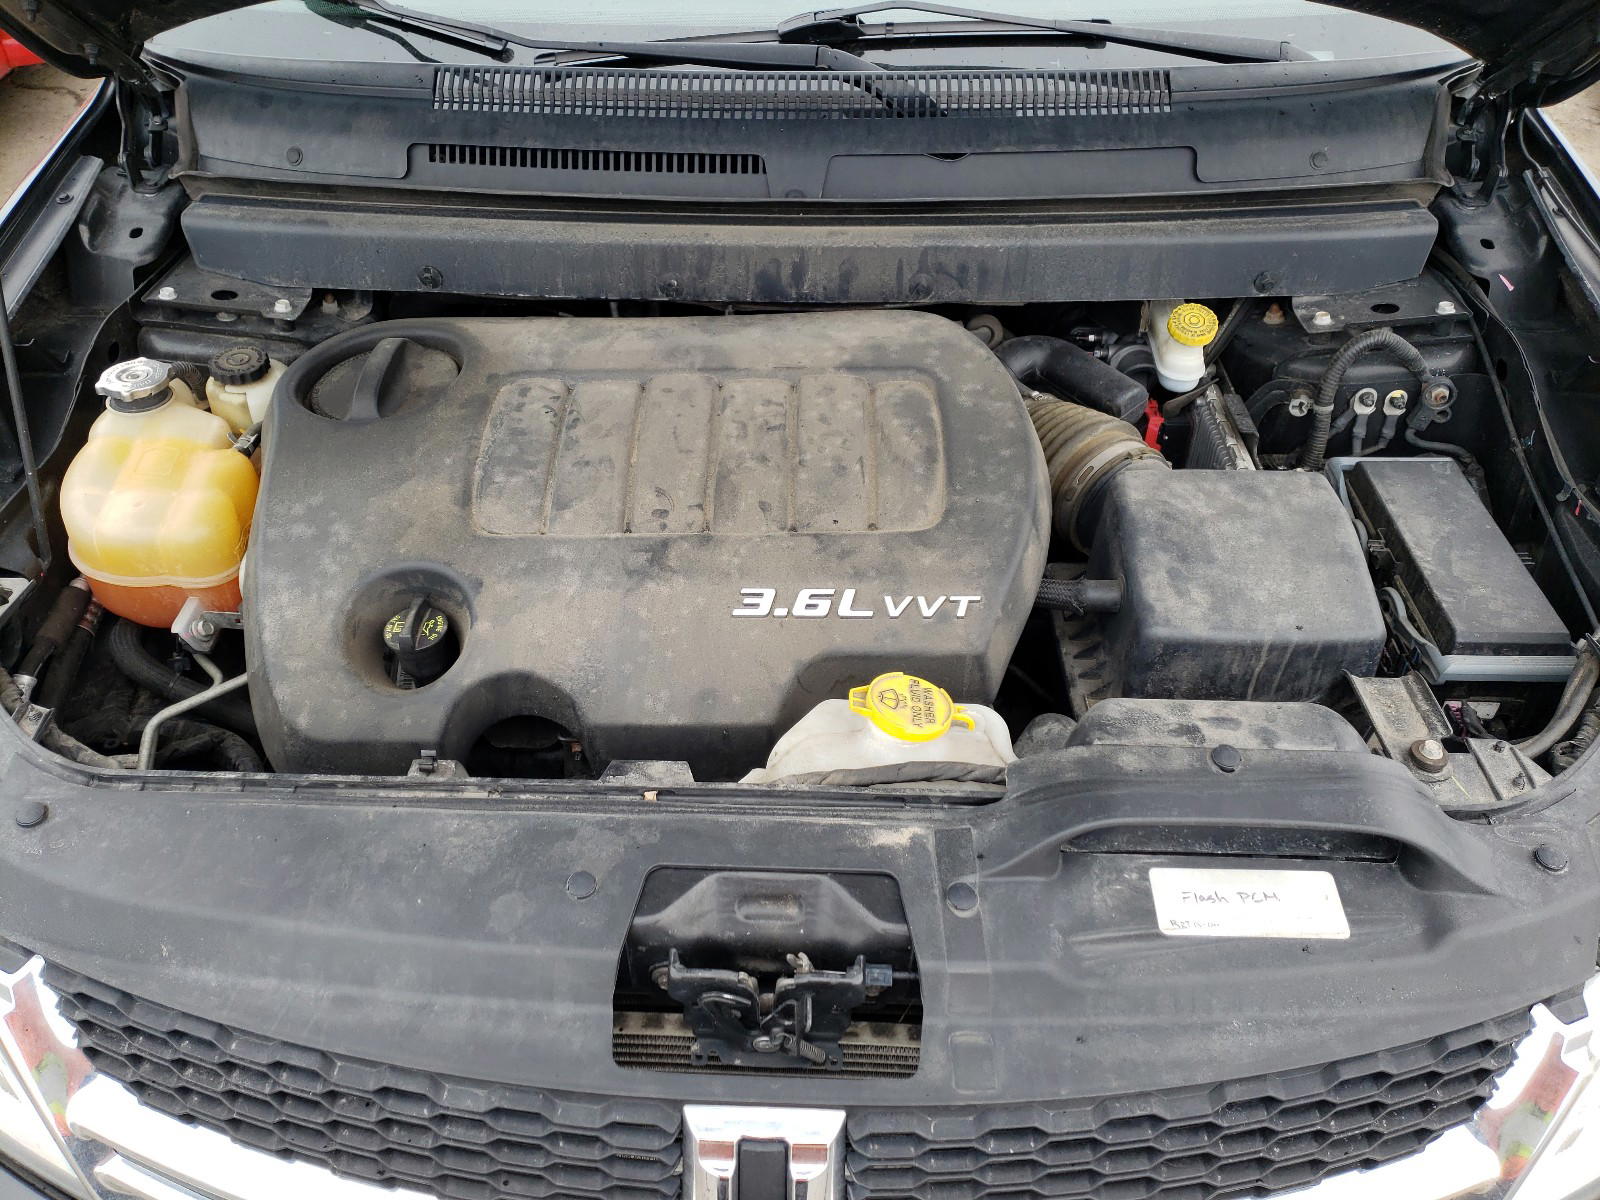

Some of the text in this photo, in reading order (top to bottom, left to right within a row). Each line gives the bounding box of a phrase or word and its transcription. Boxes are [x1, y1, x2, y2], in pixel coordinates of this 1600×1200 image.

[731, 587, 982, 619] 3.6L VVT
[908, 678, 923, 728] FLUID ONLY
[923, 687, 936, 724] WASHER
[1181, 890, 1229, 904] Flash
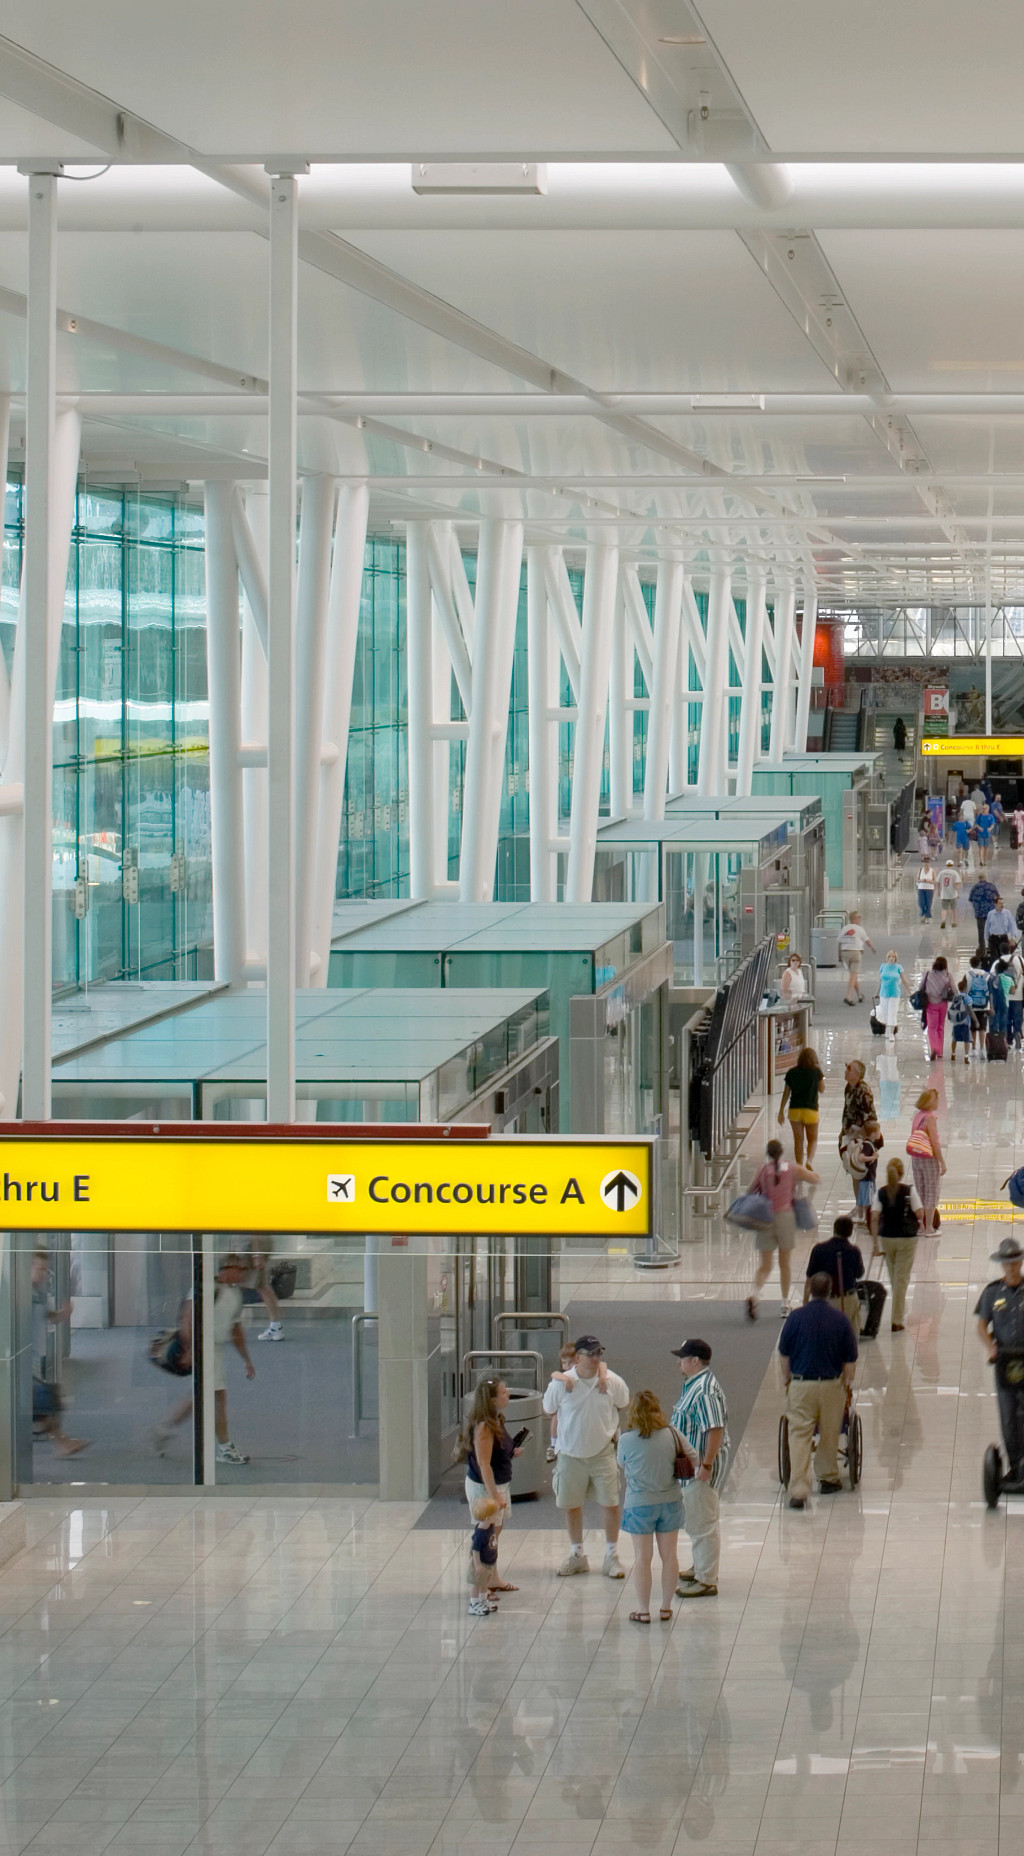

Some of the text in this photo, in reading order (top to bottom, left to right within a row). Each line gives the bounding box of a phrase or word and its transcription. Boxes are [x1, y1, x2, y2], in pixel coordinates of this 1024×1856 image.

[940, 743, 974, 751] Concourse
[0, 1172, 90, 1202] hru E
[368, 1175, 585, 1205] Concourse A

§ §

| Task |
In your answer, set down the full listing word for word and include no pictures.

| Exercise output |
Some of the text in this photo, in reading order (top to bottom, left to right within a row). Each line gives the bounding box of a phrase or word and its transcription. Boxes are [x1, y1, x2, y2], in pixel coordinates of this 1600×1200 image.

[731, 587, 982, 619] 3.6L VVT
[908, 678, 923, 728] FLUID ONLY
[923, 687, 936, 724] WASHER
[1181, 890, 1229, 904] Flash

Some of the text in this photo, in reading order (top to bottom, left to right within a row). Each line gives the bounding box of a phrase or word and its transcription. Boxes are [x1, y1, x2, y2], in pixel coordinates of this 1024×1856 image.

[940, 743, 974, 751] Concourse
[0, 1172, 90, 1202] hru E
[368, 1175, 585, 1205] Concourse A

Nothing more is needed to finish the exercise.